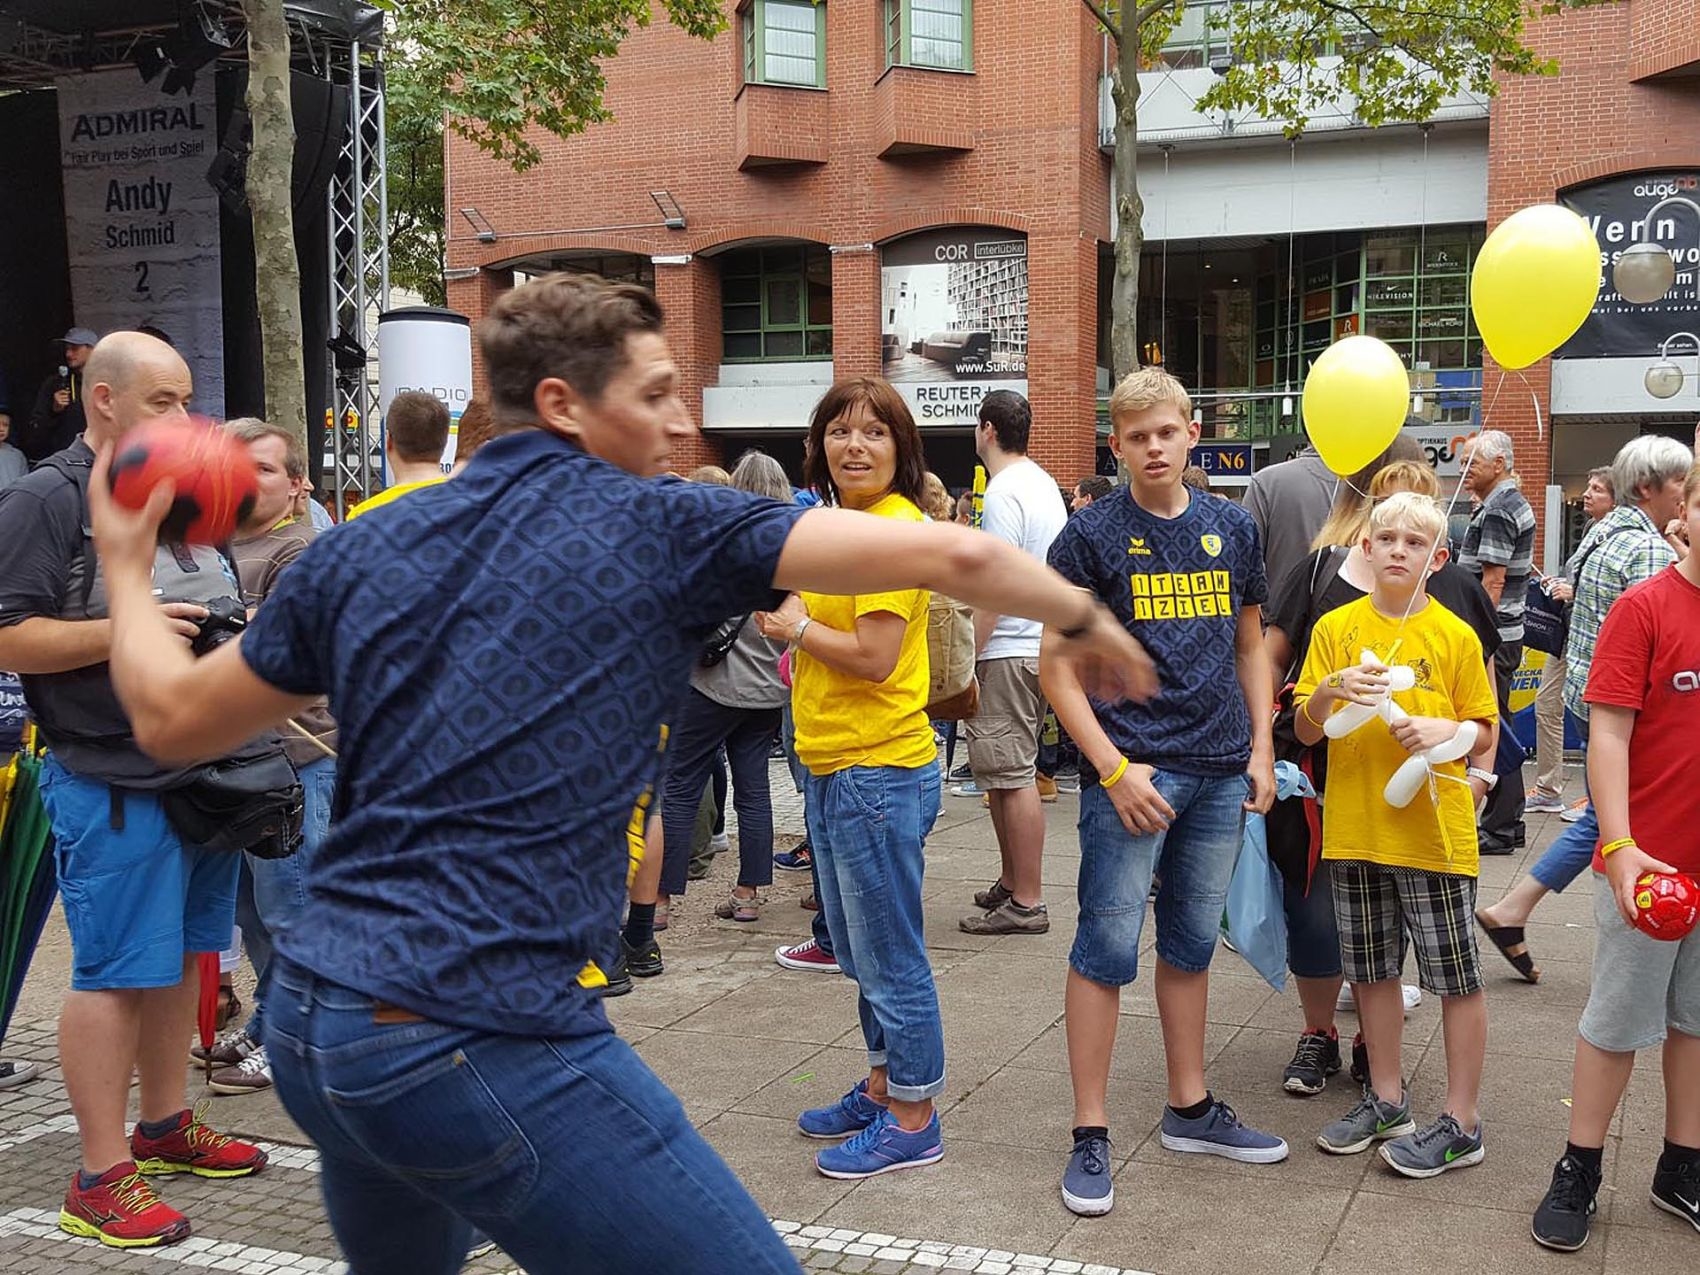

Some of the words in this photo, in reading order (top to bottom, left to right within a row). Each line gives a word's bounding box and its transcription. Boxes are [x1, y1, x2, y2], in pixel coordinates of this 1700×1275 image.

[71, 102, 205, 142] ADMIRAL
[92, 150, 111, 163] Play
[113, 149, 129, 161] bei
[131, 146, 157, 161] Sport
[159, 144, 177, 156] und
[180, 139, 205, 154] Spiel
[105, 176, 172, 216] Andy
[106, 221, 175, 249] Schmid
[935, 244, 968, 261] COR
[976, 242, 1024, 256] interlübke
[134, 261, 150, 293] 2
[956, 360, 1026, 374] www.SuR.de
[1218, 451, 1246, 470] N6
[1128, 548, 1152, 556] erima
[1511, 668, 1542, 677] NECKA
[1510, 677, 1541, 690] WEN

**PROBLEM DESCRIPTION**
Output the listing above exactly, pictures omitted.

**OUTPUT FOR THIS TASK**
Some of the words in this photo, in reading order (top to bottom, left to right within a row). Each line gives a word's bounding box and its transcription. Boxes are [x1, y1, x2, y2], in pixel coordinates of this 1700×1275 image.

[71, 102, 205, 142] ADMIRAL
[92, 150, 111, 163] Play
[113, 149, 129, 161] bei
[131, 146, 157, 161] Sport
[159, 144, 177, 156] und
[180, 139, 205, 154] Spiel
[105, 176, 172, 216] Andy
[106, 221, 175, 249] Schmid
[935, 244, 968, 261] COR
[976, 242, 1024, 256] interlübke
[134, 261, 150, 293] 2
[956, 360, 1026, 374] www.SuR.de
[1218, 451, 1246, 470] N6
[1128, 548, 1152, 556] erima
[1511, 668, 1542, 677] NECKA
[1510, 677, 1541, 690] WEN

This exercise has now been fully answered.